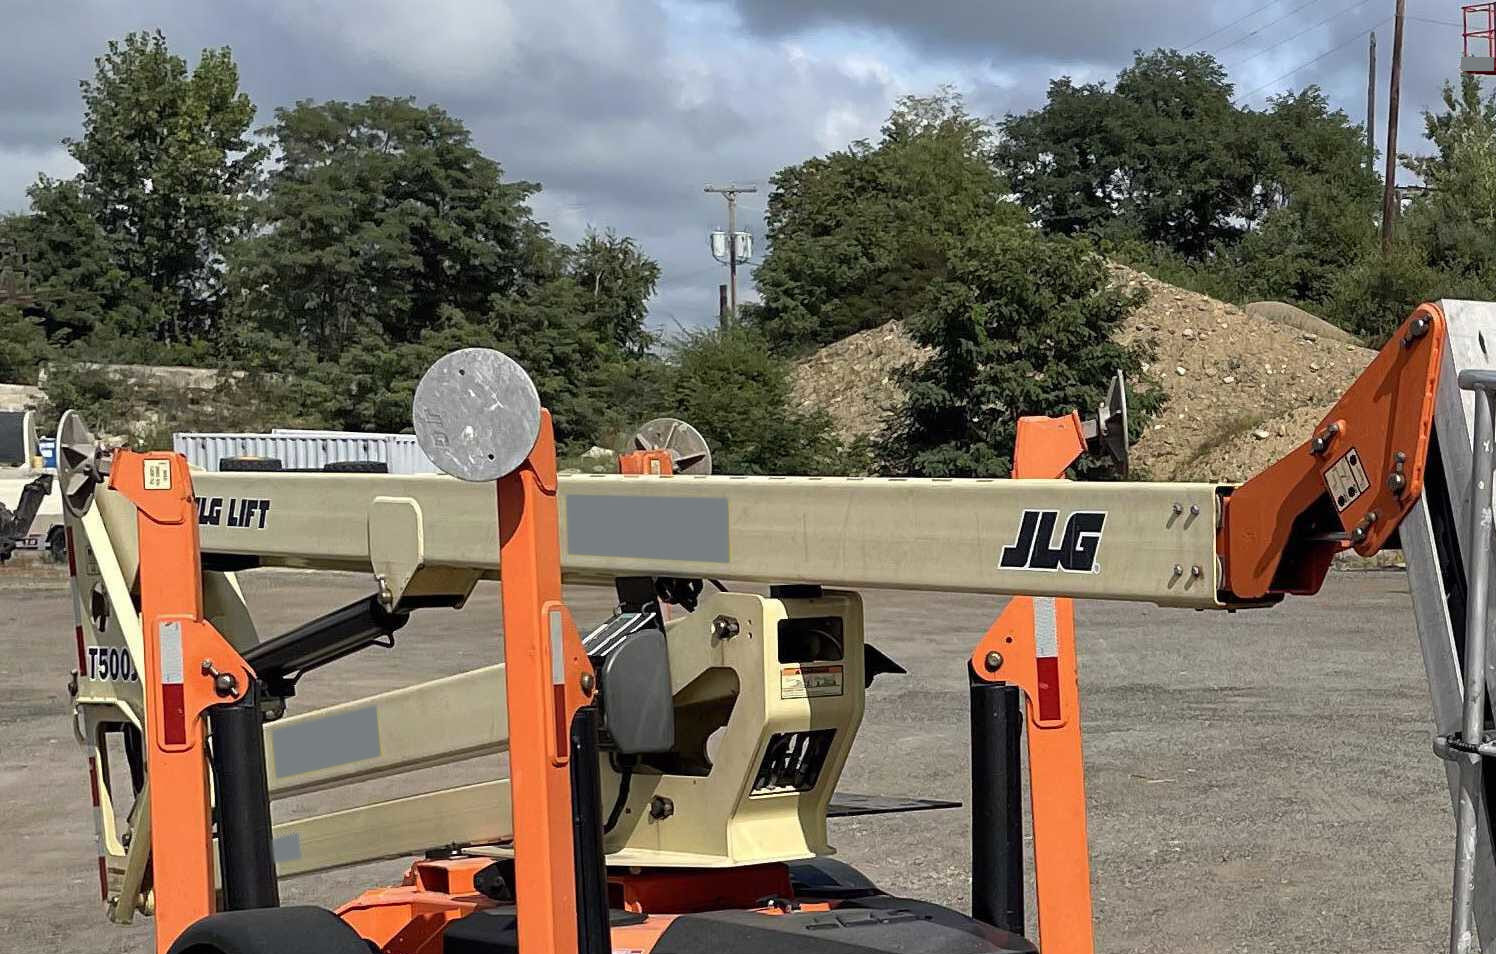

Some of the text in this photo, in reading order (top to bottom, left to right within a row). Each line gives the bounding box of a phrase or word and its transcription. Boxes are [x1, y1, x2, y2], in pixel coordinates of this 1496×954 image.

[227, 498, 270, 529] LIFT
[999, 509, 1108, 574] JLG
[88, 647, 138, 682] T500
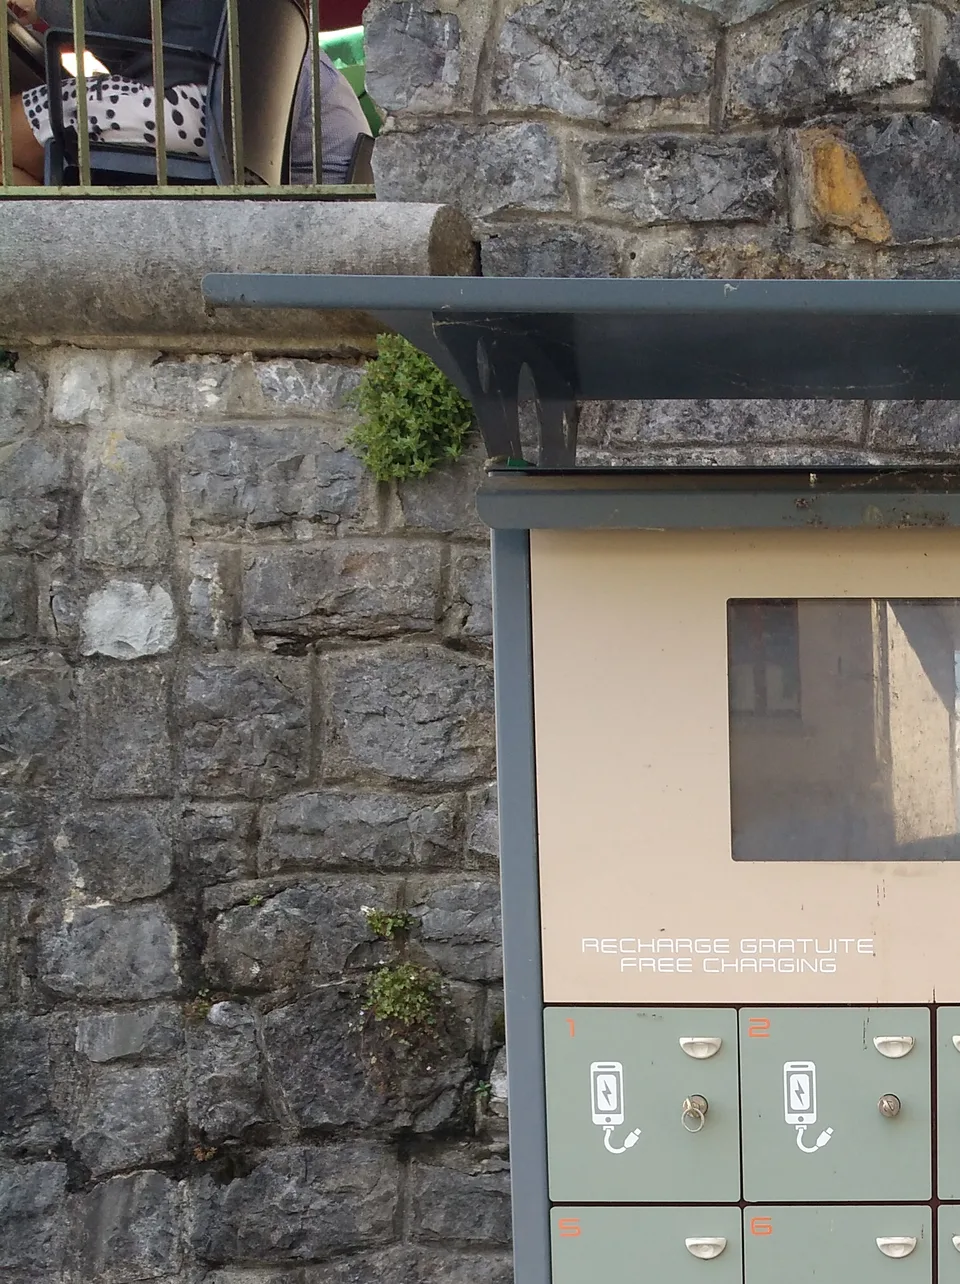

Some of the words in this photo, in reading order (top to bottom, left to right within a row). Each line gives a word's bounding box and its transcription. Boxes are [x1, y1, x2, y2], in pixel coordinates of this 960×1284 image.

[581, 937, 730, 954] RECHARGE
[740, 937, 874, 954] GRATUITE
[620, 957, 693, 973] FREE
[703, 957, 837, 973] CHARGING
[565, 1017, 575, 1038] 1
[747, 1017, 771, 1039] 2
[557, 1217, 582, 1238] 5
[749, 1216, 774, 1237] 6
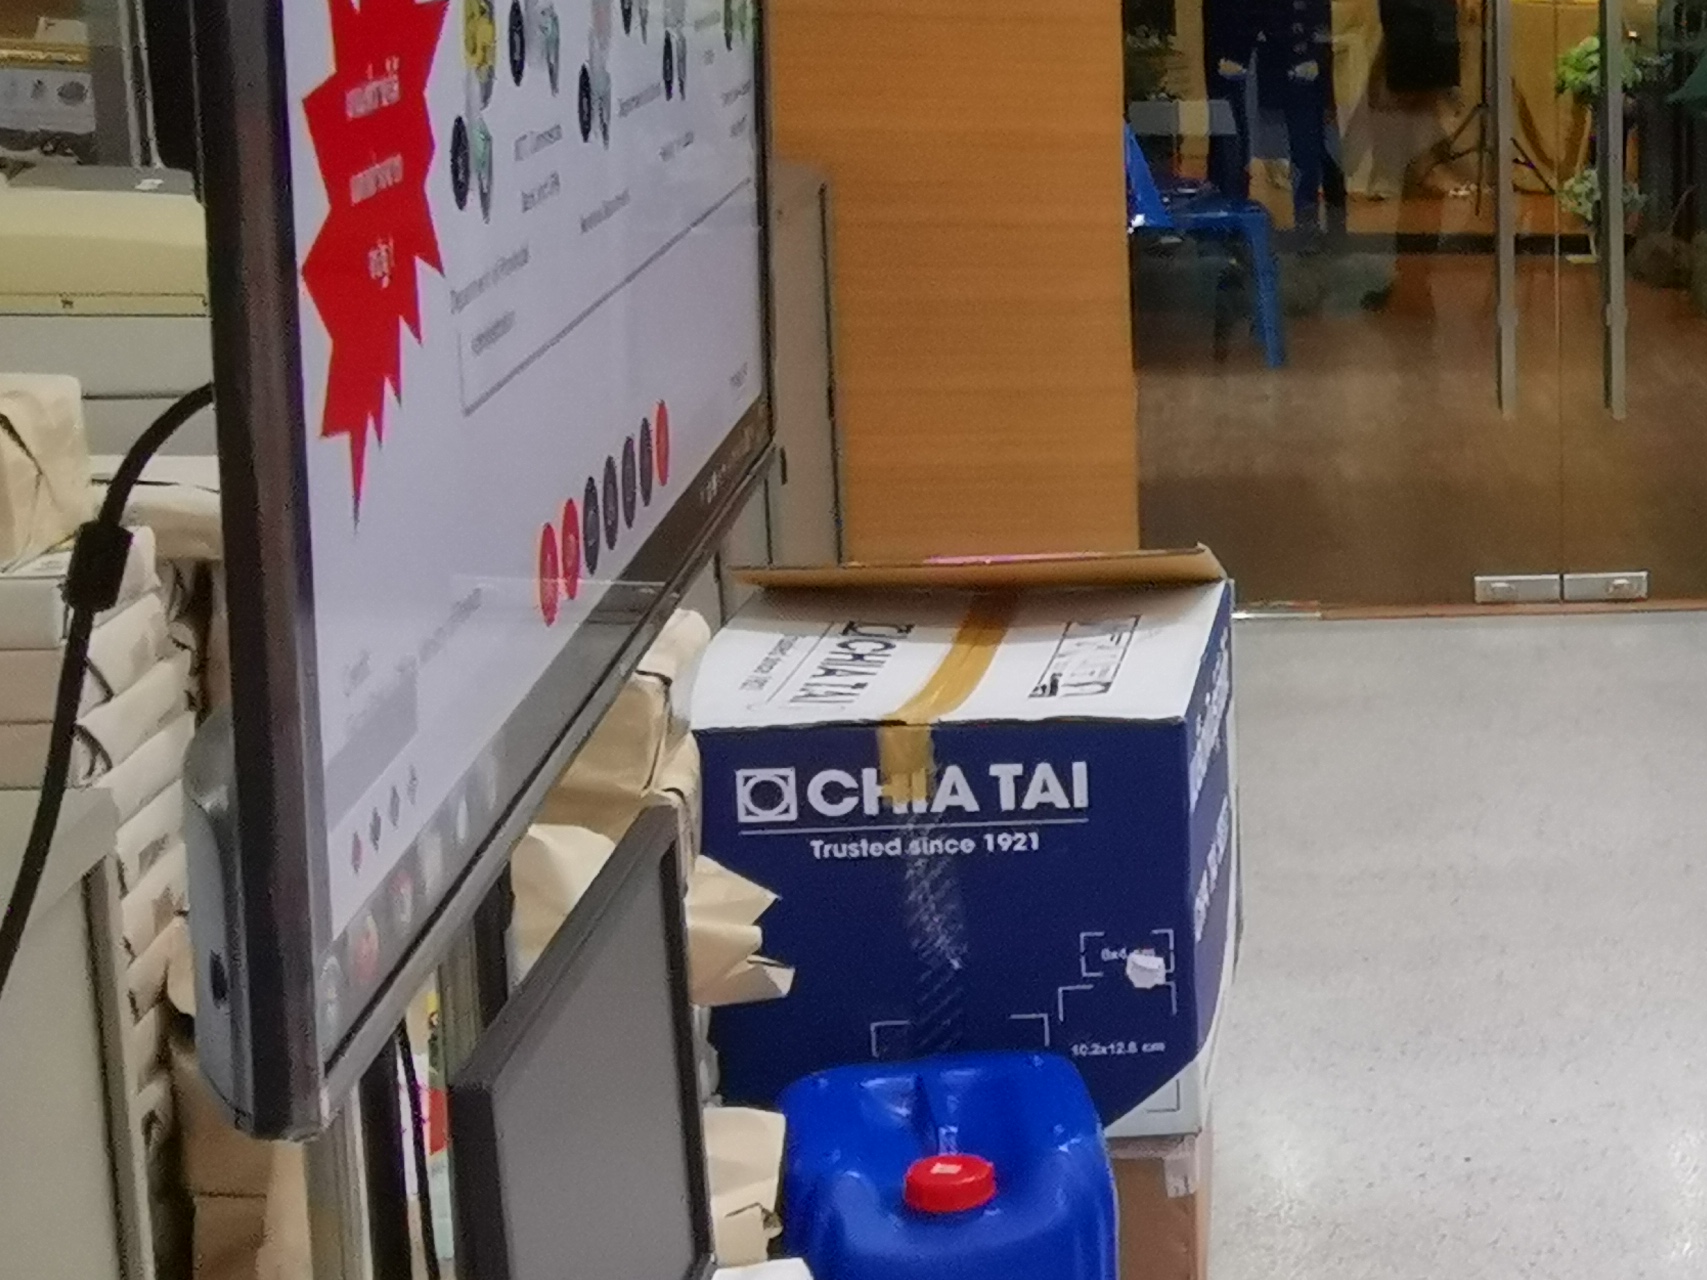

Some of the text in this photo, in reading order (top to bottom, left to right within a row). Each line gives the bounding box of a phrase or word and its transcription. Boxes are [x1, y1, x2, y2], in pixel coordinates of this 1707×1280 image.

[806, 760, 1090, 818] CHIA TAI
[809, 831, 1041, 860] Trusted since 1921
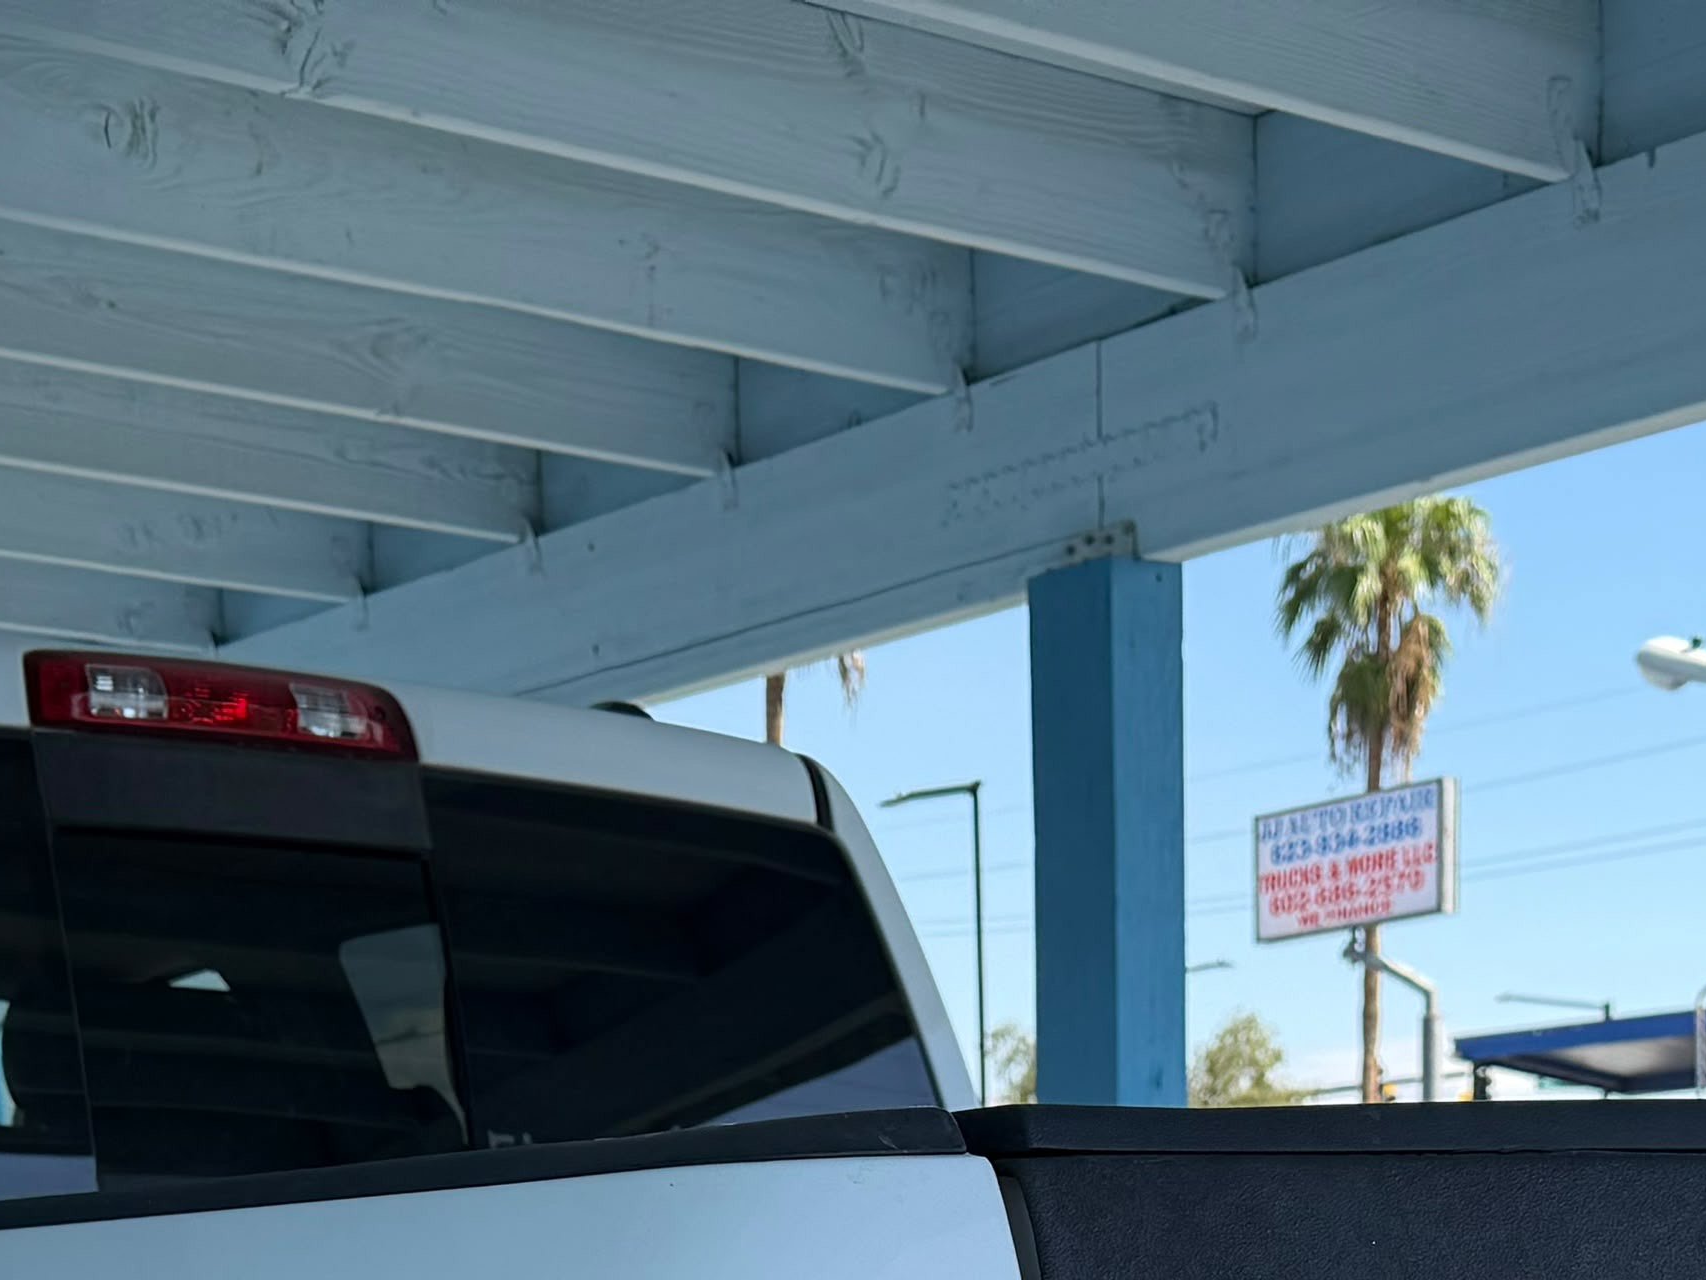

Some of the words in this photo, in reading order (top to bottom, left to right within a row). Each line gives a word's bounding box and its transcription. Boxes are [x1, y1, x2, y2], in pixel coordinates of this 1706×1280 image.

───

* [TASK GOAL]: Please give back every line above exactly as it stands, without pictures.

* [ANSWER SECTION]:
Some of the text in this photo, in reading order (top to bottom, left to right within a row). Each line gives the bounding box of a phrase or word and its transcription. Boxes are [x1, y1, x2, y2], in pixel coordinates of this 1496×954 image.

[227, 498, 270, 529] LIFT
[999, 509, 1108, 574] JLG
[88, 647, 138, 682] T500

Some of the words in this photo, in reading order (top to bottom, left to right within a row). Each line gives a word's bounding box and its transcription. Boxes are [x1, y1, x2, y2], in pixel coordinates of this 960×1284 image.

[581, 937, 730, 954] RECHARGE
[740, 937, 874, 954] GRATUITE
[620, 957, 693, 973] FREE
[703, 957, 837, 973] CHARGING
[565, 1017, 575, 1038] 1
[747, 1017, 771, 1039] 2
[557, 1217, 582, 1238] 5
[749, 1216, 774, 1237] 6

Some of the text in this photo, in reading order (top to bottom, left to right within a row). Each line gives the bounding box of a phrase or word and its transcription. Boxes are [x1, y1, x2, y2], in pixel coordinates of this 1707×1280 image.

[806, 760, 1090, 818] CHIA TAI
[809, 831, 1041, 860] Trusted since 1921

Some of the words in this photo, in reading order (top to bottom, left to right within a row). Each line gives a word's bounding box and its transcription. Boxes are [x1, y1, x2, y2], in pixel coordinates of this 1706×1280 image.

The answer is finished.